Almost 50,000 people have signed a petition calling for new legislation to help protect children from abuse in the wake of Daniel Pelka’s murder.
Four year old Daniel was beaten, starved and poisoned by his mother and her partner, who hid the abuse by claiming he had an eating disorder. Medical experts said Daniel’s emaciation was ‘unprecedented’ in Britain and likened him to a concentration camp victim. His mother Magdelena Luczak and her partner, Mariusz Krezolek, were jailed for a minimum of 30 years.
A court heard that doctors and teachers had seen Daniel with injuries, and school staff saw him fishing in bins and stealing from children’s lunchboxes for scraps of food. Despite this, there was no intervention by any of the agencies responsible for child protection.
A serious case review is currently investigating how education authorities and social services failed to detect the abuse Daniel suffered. The review’s findings will be considered by the Prime Minister David Cameron.
The petition calls for changes in the law to mean that teachers and carers who spot bruising and extreme hunger in children should be obligated to report signs of abuse. Launched by a Manchester mother of two, Paula Barrow, the petition attempts to highlight the need for mandatory reporting of child abuse.
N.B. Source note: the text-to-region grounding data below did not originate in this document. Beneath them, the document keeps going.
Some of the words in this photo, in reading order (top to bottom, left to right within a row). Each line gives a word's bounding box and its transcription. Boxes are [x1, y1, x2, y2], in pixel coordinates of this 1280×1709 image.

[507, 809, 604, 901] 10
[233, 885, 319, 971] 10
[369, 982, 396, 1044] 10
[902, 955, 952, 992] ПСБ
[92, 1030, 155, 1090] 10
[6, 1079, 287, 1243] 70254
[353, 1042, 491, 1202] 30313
Ms Barrow says the lack of a legal requirement for people working with children in the UK to report suspected abuse represents a ‘critical hole’ in current legislation.
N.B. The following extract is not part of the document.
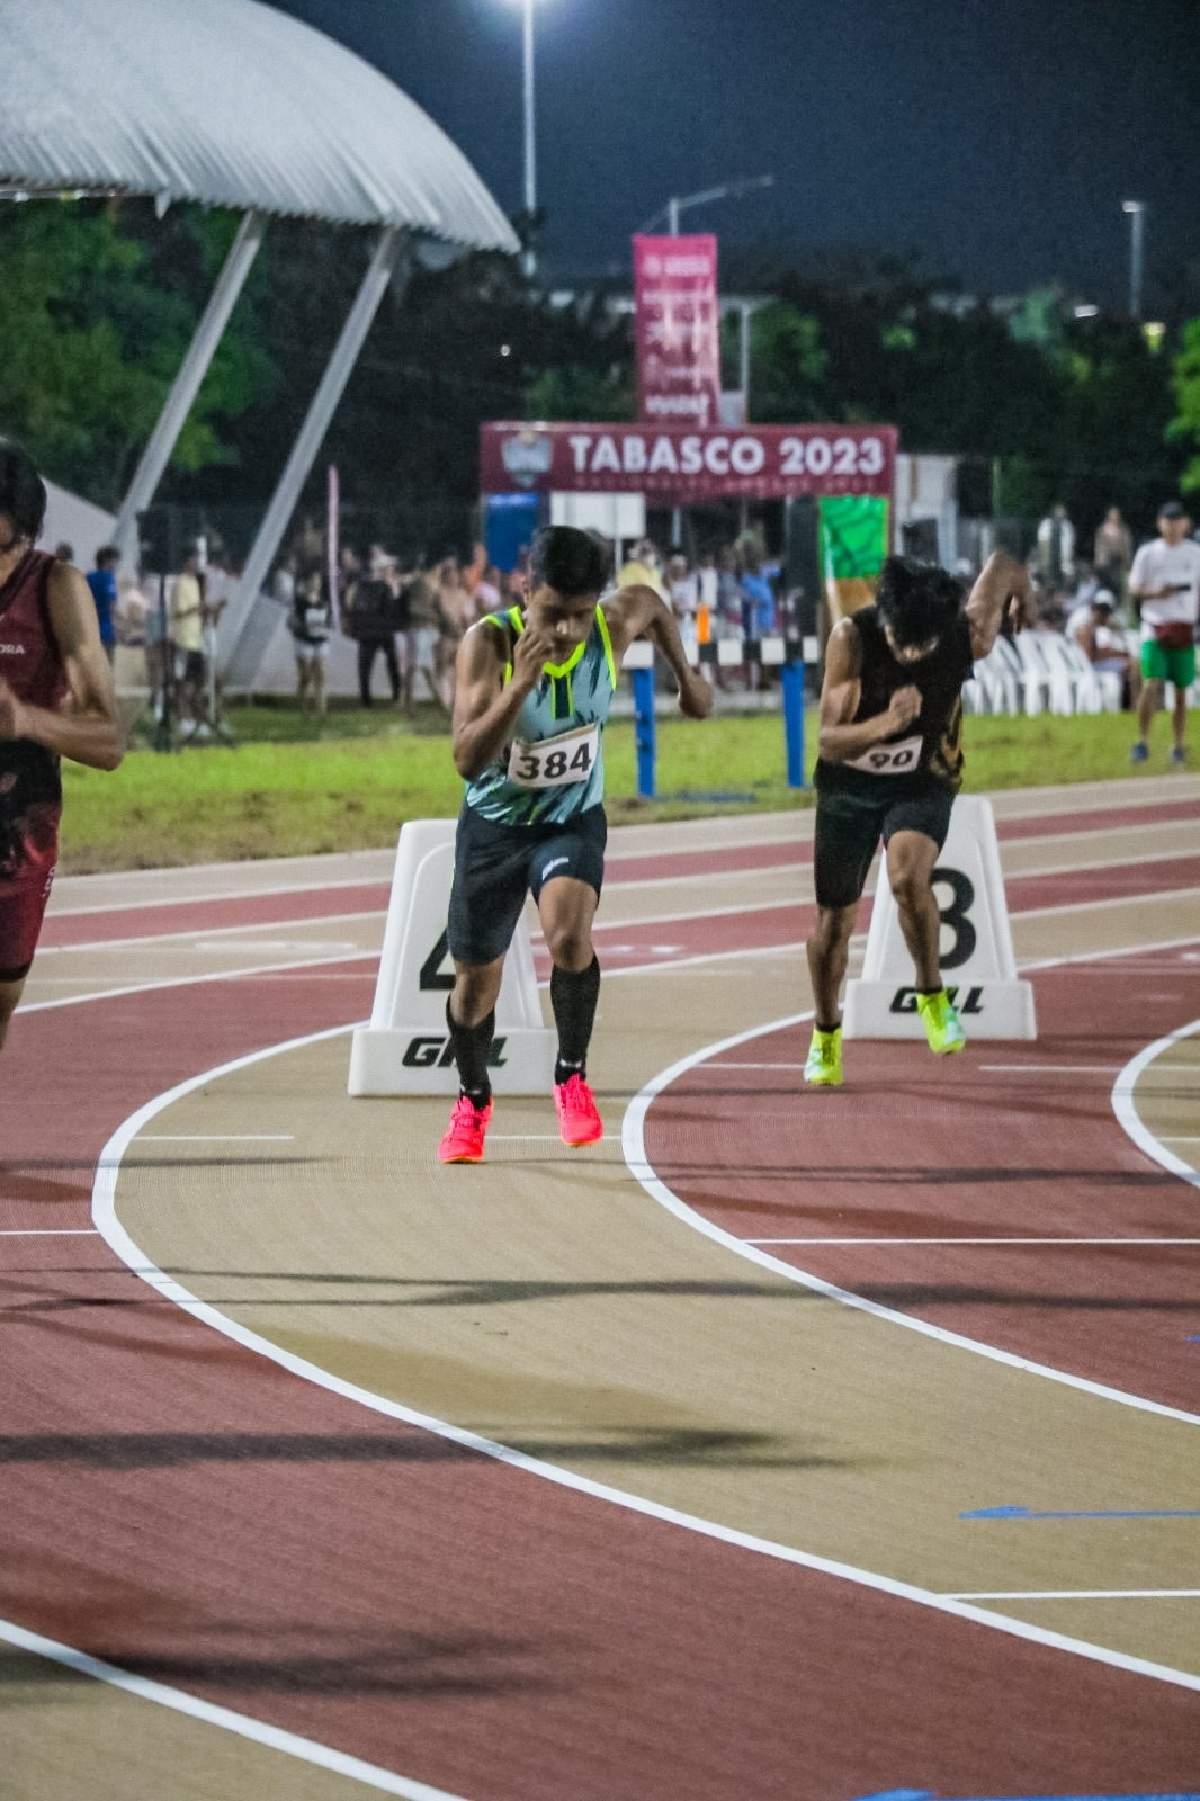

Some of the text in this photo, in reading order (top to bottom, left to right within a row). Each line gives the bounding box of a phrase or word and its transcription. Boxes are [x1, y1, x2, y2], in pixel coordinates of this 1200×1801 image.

[568, 435, 885, 476] TABASCO 2023
[516, 742, 592, 780] 384
Introducing her petition on the website change.org, Ms Barrow said it is ‘incomprehensible’ that authorities did not do more to help Daniel. “We need to ensure that adults in regulated activities come to the aid of vulnerable children, in this case to the aid of a child who could be seen to be literally struggling to survive,” she said.
The petition has been backed by five leading abuse charities, the National Association of People Abused In Childhood, Survivors UK, Respond, Innocence In Danger and the Survivors Trust.
Fay Maxted, chief executive of The Survivors Trust, said “If law is introduced, staff will have no doubt what to do, and they would have legal protection from recrimination which presently can follow when a member of staff takes the conscientious step of reporting.”
Mandatory reporting is already in place in countries including Australia, Canada, Denmark, Finland and the United States but there is currently no legal requirement for anyone working with children in the UK to report suspected or known abuse to either the appropriate local authority officer or to the police.
This tragic story highlights the fact that warning signs were undoubtedly missed by the authorities, signs that ultimately could have prevented further abuse from taking place. As a solicitor specialising in abuse claims, we unfortunately see instances where opportunities to raise the alarm have been missed time after time.
Daniel was badly let down by all of the agencies involved and lessons should now be learnt from these crucial mistakes. By making those working with children in regulated activities legally responsible to report concerns, it is hoped that staff will come forward and report concerns without hesitation.